Doze anos se passaram desde a publicação do livro que deu fama à americana Suzanne Collins. É tempo suficiente para uma criança nascer e alcançar a idade necessária para debutar nos Jogos Vorazes, evento central da obra homônima.

Nela, o leitor é apresentado a um futuro distópico, em que os Estados Unidos, agora conhecidos como Panem, foram divididos em 12 distritos. Todos os anos, dois representantes de cada uma dessas regiões são enviados a uma arena televisionada, na qual precisam batalhar até que apenas um continue de pé. Para participar desse jogo macabro, é preciso ter entre 12 e 18 anos.

A ideia de pôr crianças para lutarem até a morte numa espécie de reality show não causou repulsa e horror só nos leitores da obra de Collins, mas também em seus personagens. Eles passaram os próximos dois livros, “Em Chamas” e “A Esperança”, lançados em 2009 e 2010, tentando derrubar o sistema político que permitia tamanha brutalidade.

Será que, anos depois, Panem finalmente se tornou uma nação mais humana e igualitária? Essa é uma resposta que Collins não quis dar a seus fãs. Nesta semana, a autora lançou no Brasil um quarto livro de sua saga literária, mas ele não avança na história —em vez disso, regride mais de seis décadas para mostrar a origem de seu mais detestável personagem, o tirano Presidente Snow.

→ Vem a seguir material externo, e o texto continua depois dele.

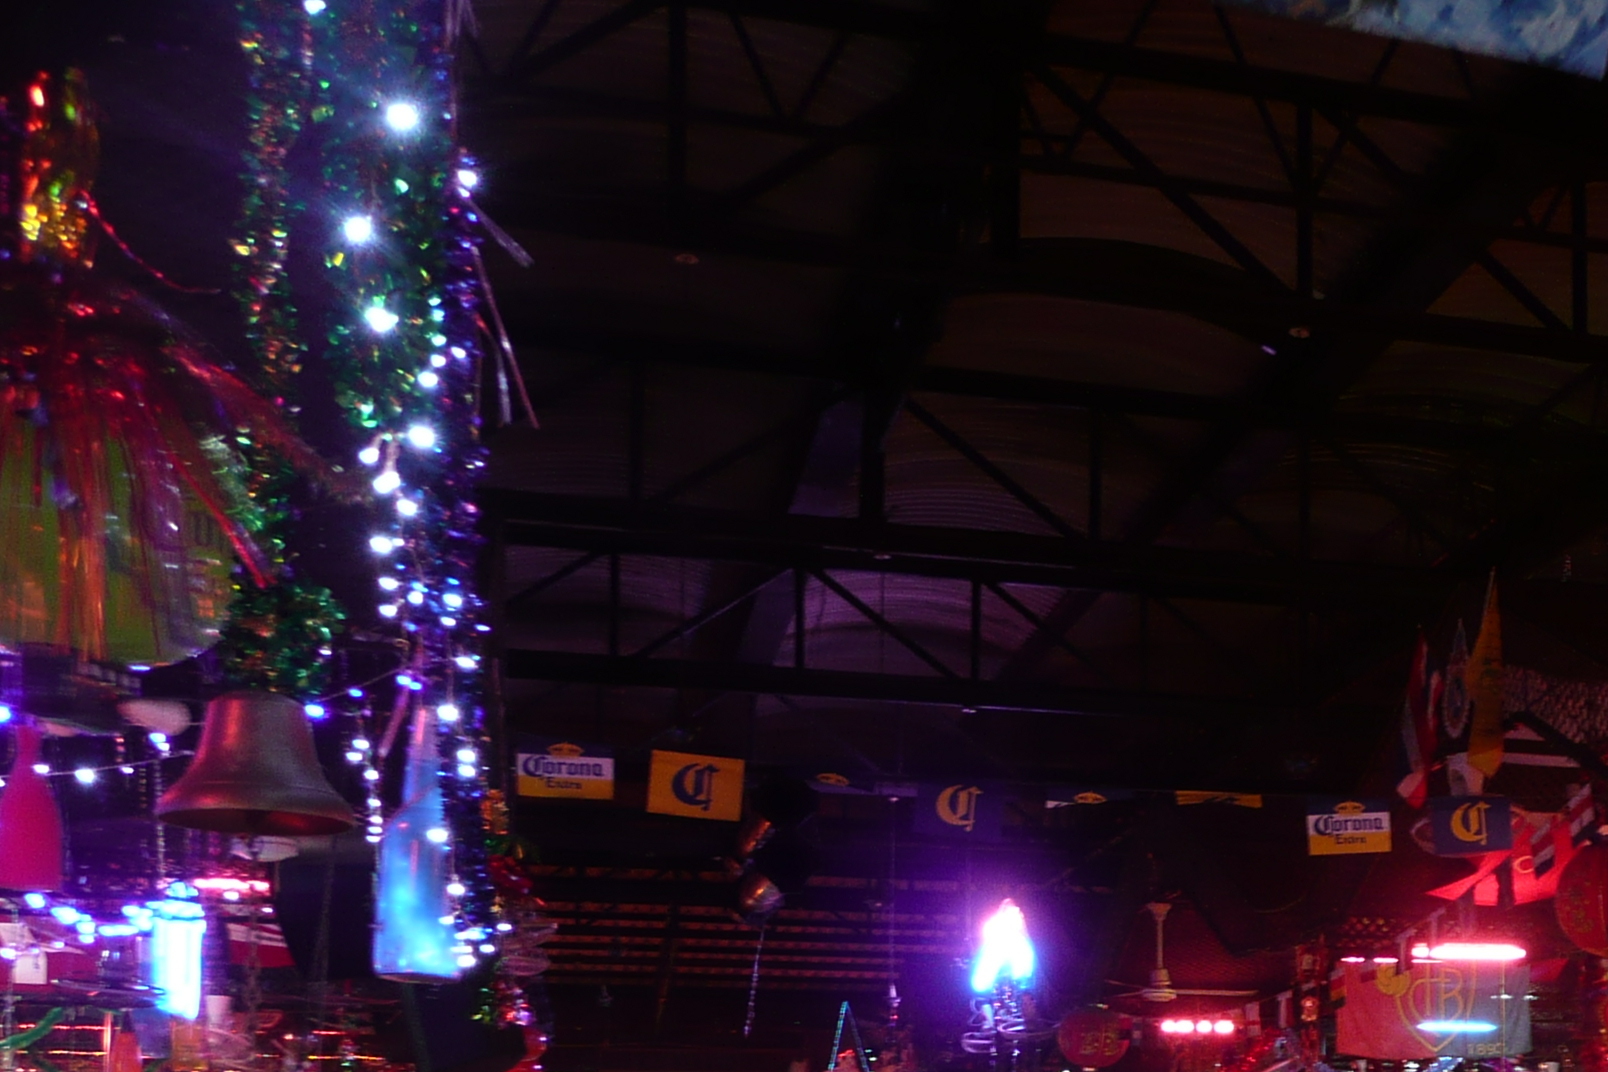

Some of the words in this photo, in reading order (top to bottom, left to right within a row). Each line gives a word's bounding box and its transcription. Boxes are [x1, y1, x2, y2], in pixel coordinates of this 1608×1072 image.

[523, 755, 604, 777] Corona
[546, 777, 582, 789] Extra
[1314, 816, 1384, 835] Corona
[1335, 834, 1367, 844] Extra
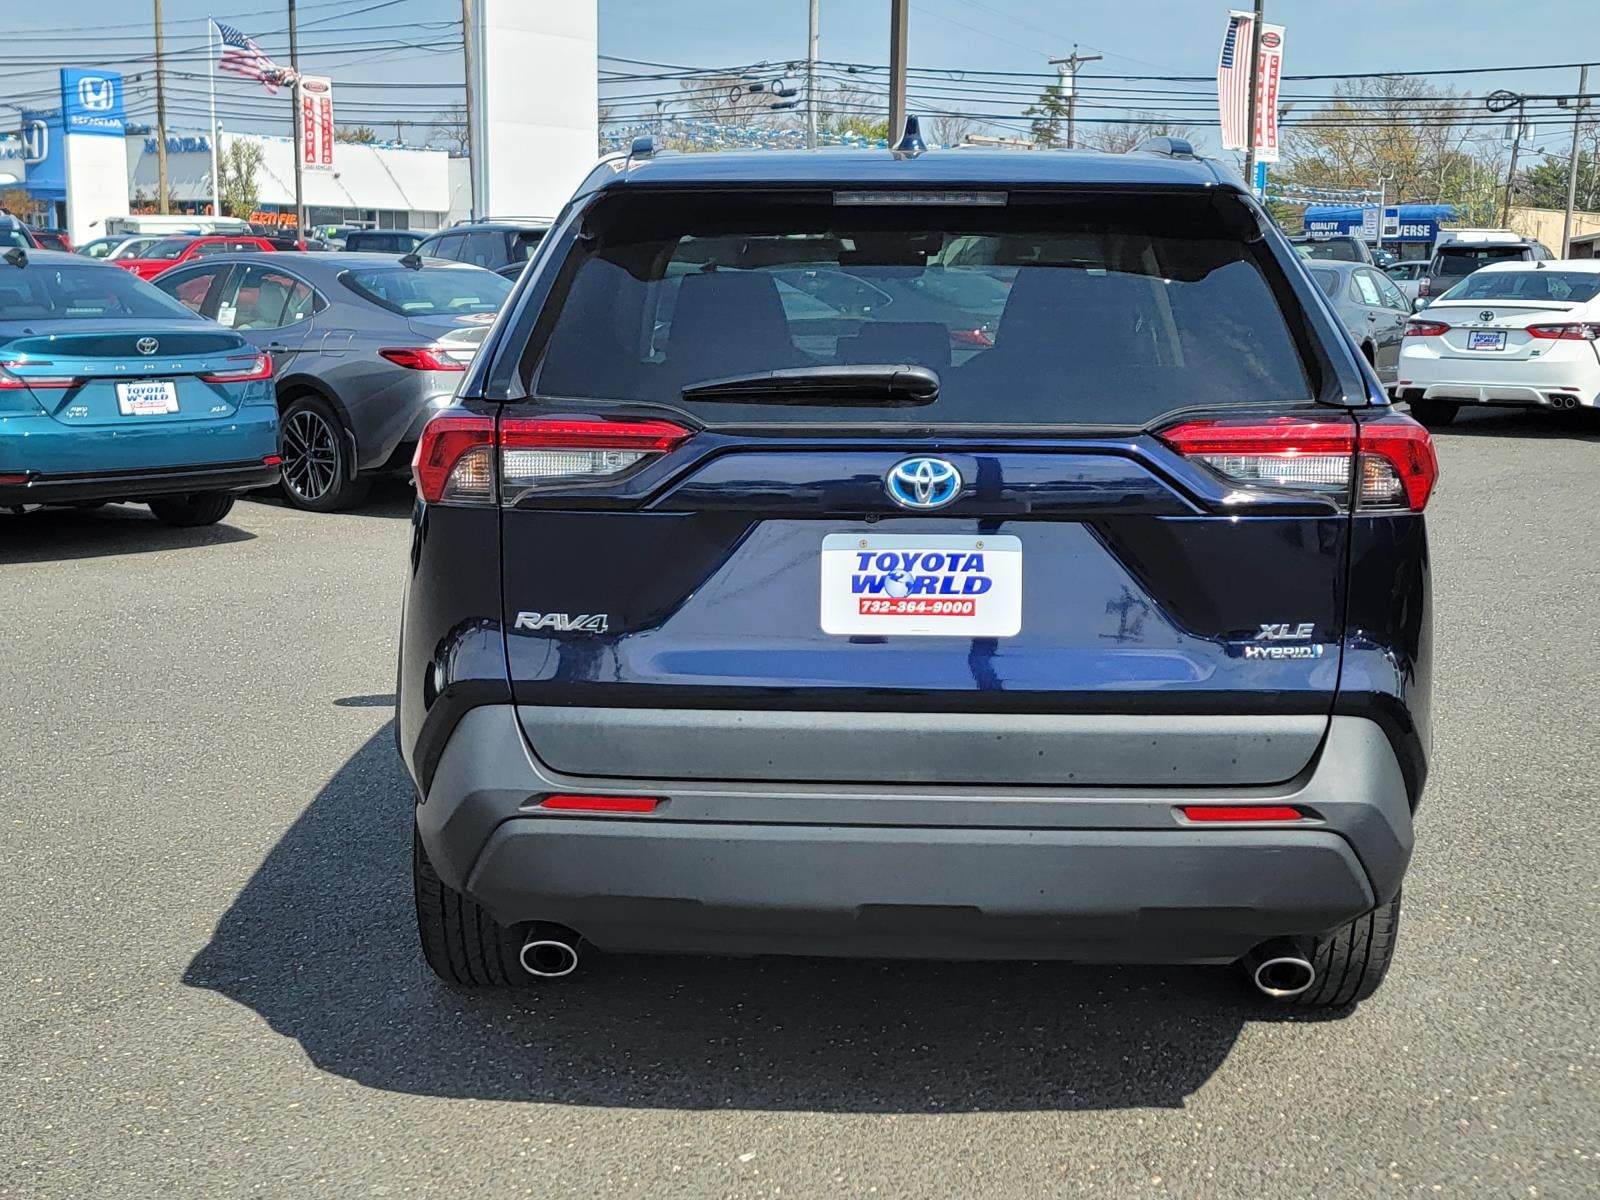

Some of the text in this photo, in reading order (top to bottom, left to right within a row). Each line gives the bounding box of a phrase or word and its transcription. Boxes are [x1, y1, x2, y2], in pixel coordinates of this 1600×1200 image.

“A Cantiga dos Pássaros e das Serpentes” acompanha os preparativos para a décima edição dos Jogos Vorazes, muito antes da protagonista Katniss Everdeen participar do 74° massacre. Nas novas páginas, um jovem Snow está a cargo da caixinha de surpresas que será a arena daquela edição, como um Boninho psicopata em um “Big Brother” infantojuvenil.

Lançado nos Estados Unidos no mês passado, pela Scholastic Press, o livro chega ao Brasil pela Rocco, também responsável por outro estrondoso sucesso adolescente no país, “Harry Potter”.

Assim como o colega de editora, “Jogos Vorazes” é o tipo de franquia que inspira centenas de eventos apaixonados mundo afora, com fãs se reunindo para discutir, cosplayers, encontros com gente envolvida na obra e, claro, as tradicionais midnight parties —a espera nas portas das livrarias para a meia-noite do dia de lançamento.

Mas o coronavírus acertou uma flecha no coração dos fãs da franquia, que não puderam, desta vez, celebrar o novo livro com a mesma pompa do passado. Foi assim nos Estados Unidos e tem sido assim no Brasil.

Em vez de entrar em livrarias e se deparar com mesas repletas de enfeites e cópias de “A Cantiga dos Pássaros e das Serpentes”, os leitores agora tiveram de se contentar com o frio e solitário botão de “comprar” do ecommerce.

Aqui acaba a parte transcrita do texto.